Danisha Hoston Wrighster had a seemingly perfect life. She was expecting her first baby, a girl, with her college sweetheart boyfriend and working at a job she enjoyed. But things quickly changed when her longtime beau died from intestinal cancer as their newborn turned just 10 weeks old. Two months after returning to work from maternity leave, Hoston Wrighster was laid off.
She’d become an unemployed single mother. She had no other options but to file for WIC, a federal subsidy, to feed her baby, and unemployment “just to survive.” But she didn’t intend to rely on either program for long.
“Being such a young mom, I was already overwhelmed with the responsibility of parenting and grieving over her father’s death; the financial strain from being laid off just felt like it was too much,” Hoston Wrighster, who was 24 at the time, tells Yahoo Parenting. But accepting government benefits made her feel “humiliated and irresponsible. My daughter was only a few months old and I was already failing as a mother.”
Still, “as horrible as I felt, I became determined to not become a sad, broke, single mom statistic. I didn’t have anything left to lose so I decided [to put forth] everything I had left,” she says. “I know now that a huge part of my determination and ambition came from going through such a dark time.”
The mom, who has a degree from UCLA in communications and business administration, recalled her most recent job as a corporate accountant, when “the big checks went to guys that are not the brightest bulbs. I work harder than them, and if I could make even half [the money], that would be great.”
While working at that job as an accountant, she’d obtained her real estate broker’s license, and she had passed her exam while on maternity leave. So she decided to go into business as a commercial real estate agent, and soon landed a job at commercial real estate company Marcus & Millichap.
Her first year was a disaster. “I couldn’t pay rent. I was eating Cup Noodles and apple juice. I couldn’t go to my mailbox for almost six months, because I couldn’t pay a bill,” says Hoston Wrighster.
After seven months of not making a dime, a few of the deals she’d been working on closed back to back. Suddenly, she’d earned $216,000 in just five months.
But it wasn’t easy juggling her growing business and raising her daughter, who had just turned 1 year old. “I took her with me. She went to client meetings, property tours, trips to escrow, Saturday morning photo [shoots], evening trips to the office. We did everything together,” says Hoston Wrighster, who also relied on family support. “We may not have been playing at the park or baking cookies like other mothers and daughters, but we were together and we built our own little empire. And that’s special to me.”

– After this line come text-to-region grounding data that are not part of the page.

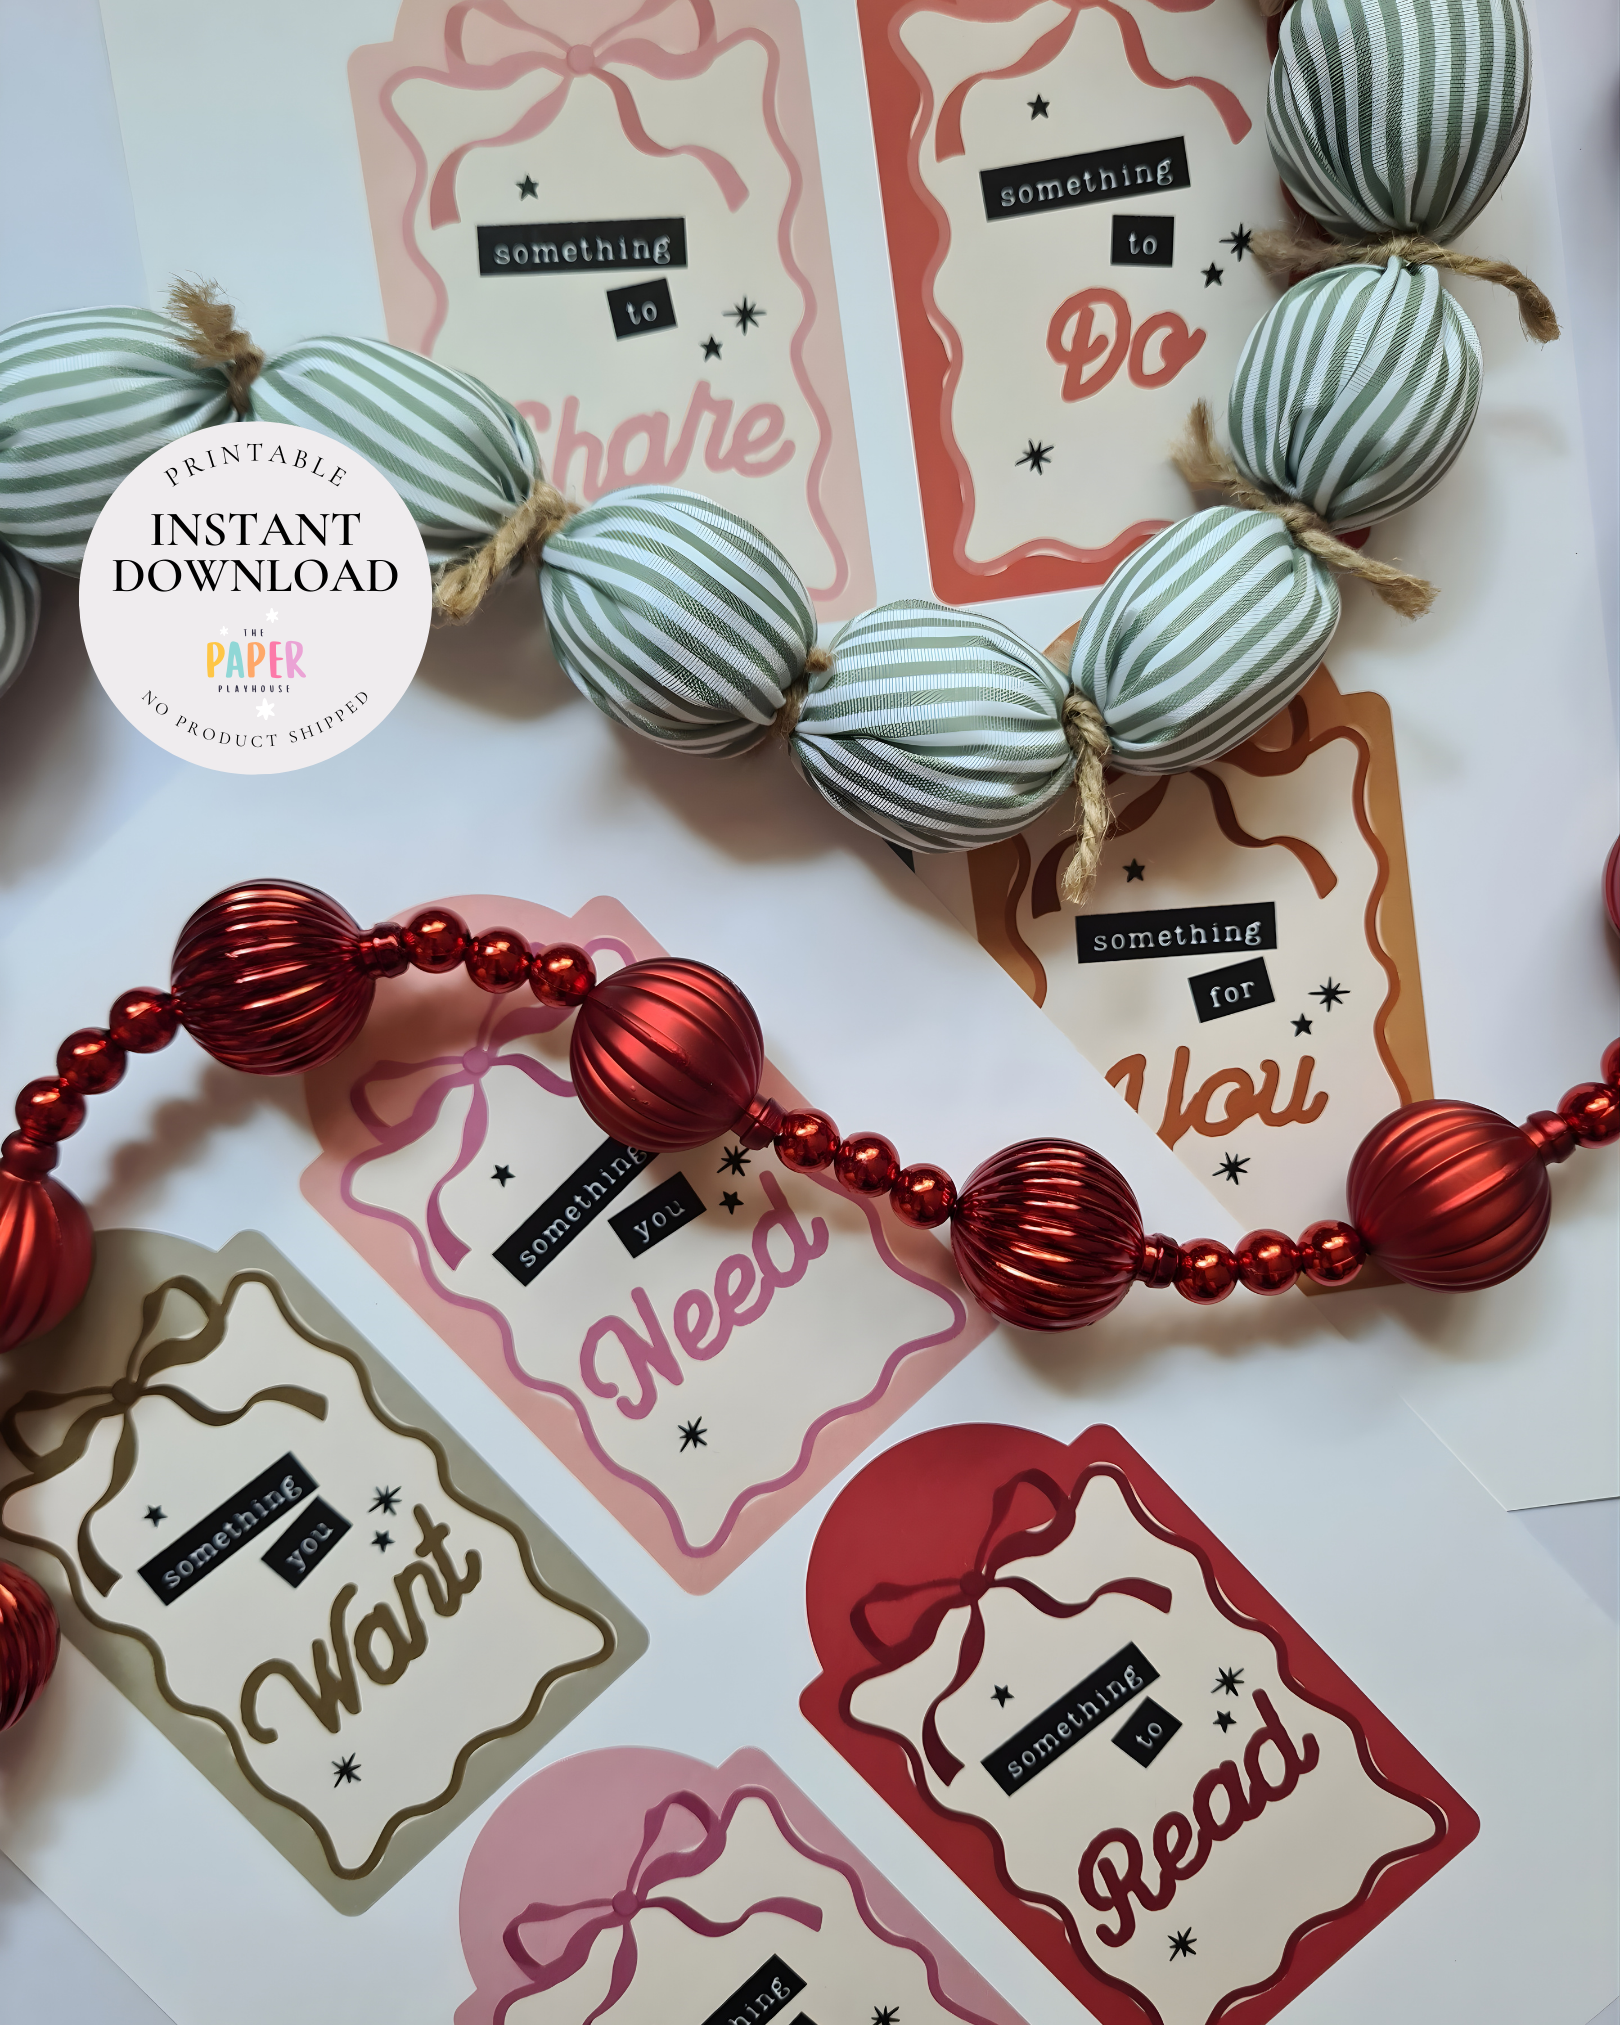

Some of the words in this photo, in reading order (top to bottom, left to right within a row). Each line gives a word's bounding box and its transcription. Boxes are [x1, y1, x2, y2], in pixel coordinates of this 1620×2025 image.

[1000, 157, 1174, 208] something
[493, 234, 671, 266] something
[1128, 231, 1158, 256] to
[625, 300, 658, 326] to
[1045, 286, 1208, 404] Do
[1093, 921, 1262, 951] something
[1209, 980, 1255, 1008] for
[632, 1199, 686, 1244] you
[579, 1170, 830, 1420] Need
[161, 1474, 303, 1590] something
[284, 1520, 334, 1574] you
[240, 1503, 483, 1745] Want
[1007, 1664, 1144, 1780] something
[1135, 1721, 1164, 1749] to
[1077, 1688, 1320, 1948] Read
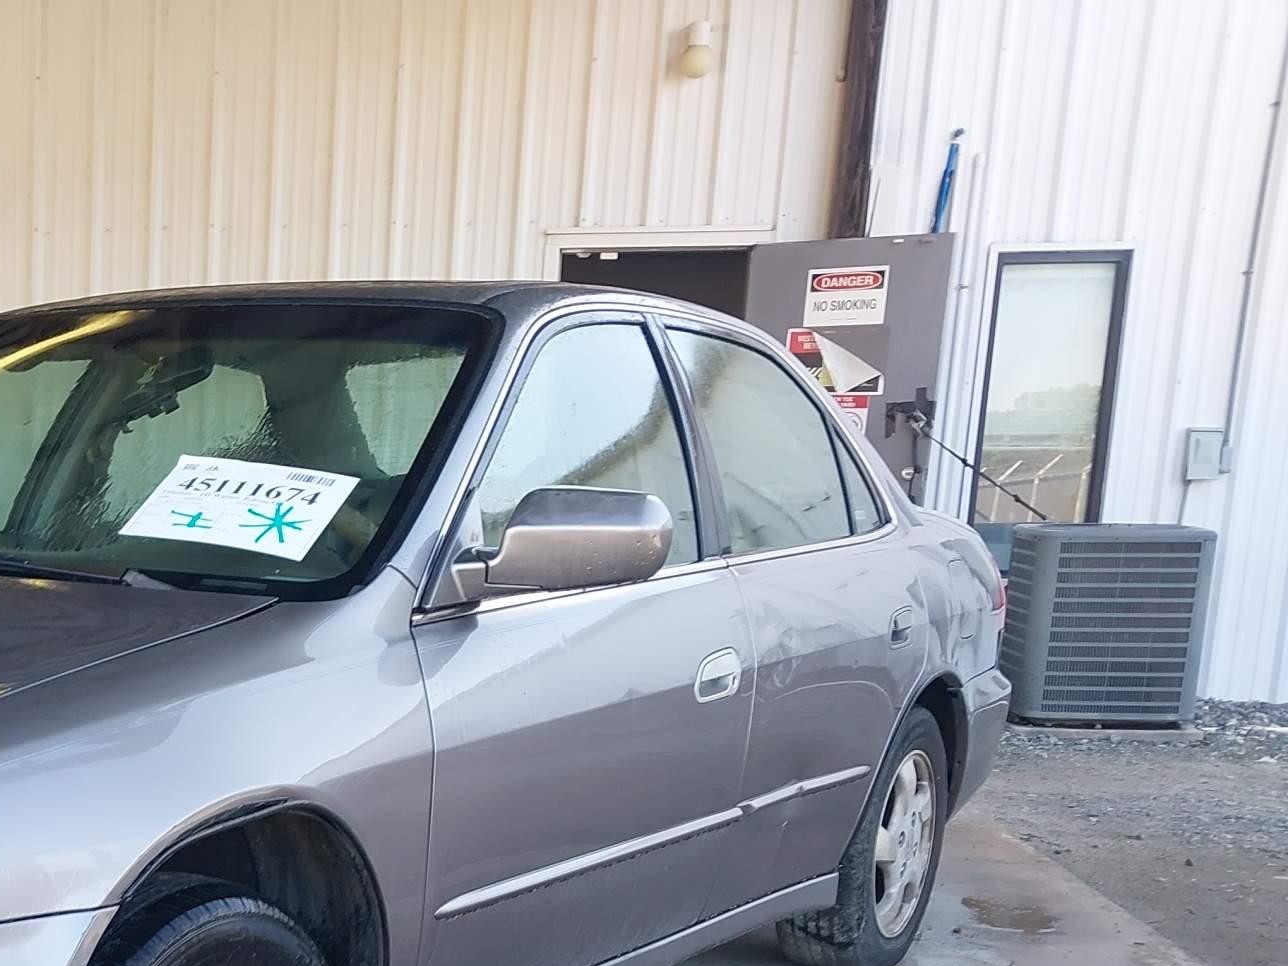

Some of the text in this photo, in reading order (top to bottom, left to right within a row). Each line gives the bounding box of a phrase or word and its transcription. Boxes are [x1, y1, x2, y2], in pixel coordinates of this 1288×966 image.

[820, 275, 874, 288] DANGER
[813, 298, 877, 312] NO SMOKING
[178, 476, 322, 506] 45111674

Hoston Wrighster’s hard work paid off. After 15 years as a commercial real estate agent, she’s now worth more than $2 million. “If you really set your mind to it and pay the price of hard work and persistence every time you get kicked in the teeth,” she says, “at some point you’ll succeed.”
A casting agent contacted her out of the blue in 2015, and she became a real estate judge on the show Home Free on Fox. She’s also appeared as a TV personality on Oprah Winfrey’s OWN Network, and founded her own company, Hoston & Associates.
She never could have accomplished as much without serious setbacks, she says — and now she appreciates what she’s built even more.
“I don’t think that there’s a real story of success that doesn’t come from adversity,” says Hoston Wrighster. “I think that when you have been through a lot, you appreciate success more.”
But she admits she’s still fearful of becoming a “WIC mom” again, knowing how quickly she lost everything before. “I still struggle with not wanting to go back to being broke. I wake up in the middle of the night thinking about it. I’m still a little panicked about going there.”
But she’s not letting that fear stop her from living her life. Hoston Wrighster wed former NFL tight end George Wrighster, and now they’re focusing on their blended family, which includes her 15-year-old and her husband’s kids, ages 4, 5, and 9.
They’re focusing on making sure their kids are smart with money from the get-go. “Even if we run into a store and we’re picking which bread to buy, I’ll ask them to look at the price and compare and how many bread slices are in each pack,” Hoston Wrighster says. “I think that by not talking about money, it creates kids who grow into adults that don’t know how to manage it.”
She also doesn’t pay her kids allowance and expects them do the dishes and take out the trash as part of their expected household chores. As a result, the kids have become entrepreneurs themselves. Her daughter, Devan, built a website to launch her own pet-sitting business.
“Many moms let fear, guilt, and the responsibility of being a mother hold them back from … pursuing their dreams, but that is the opposite of what we are supposed to do,” she says. Her kids have seen her fail, make mistakes, bounce back, and win, “so they know that, whatever it is they want and no matter how hard it may seem, they can do it too.”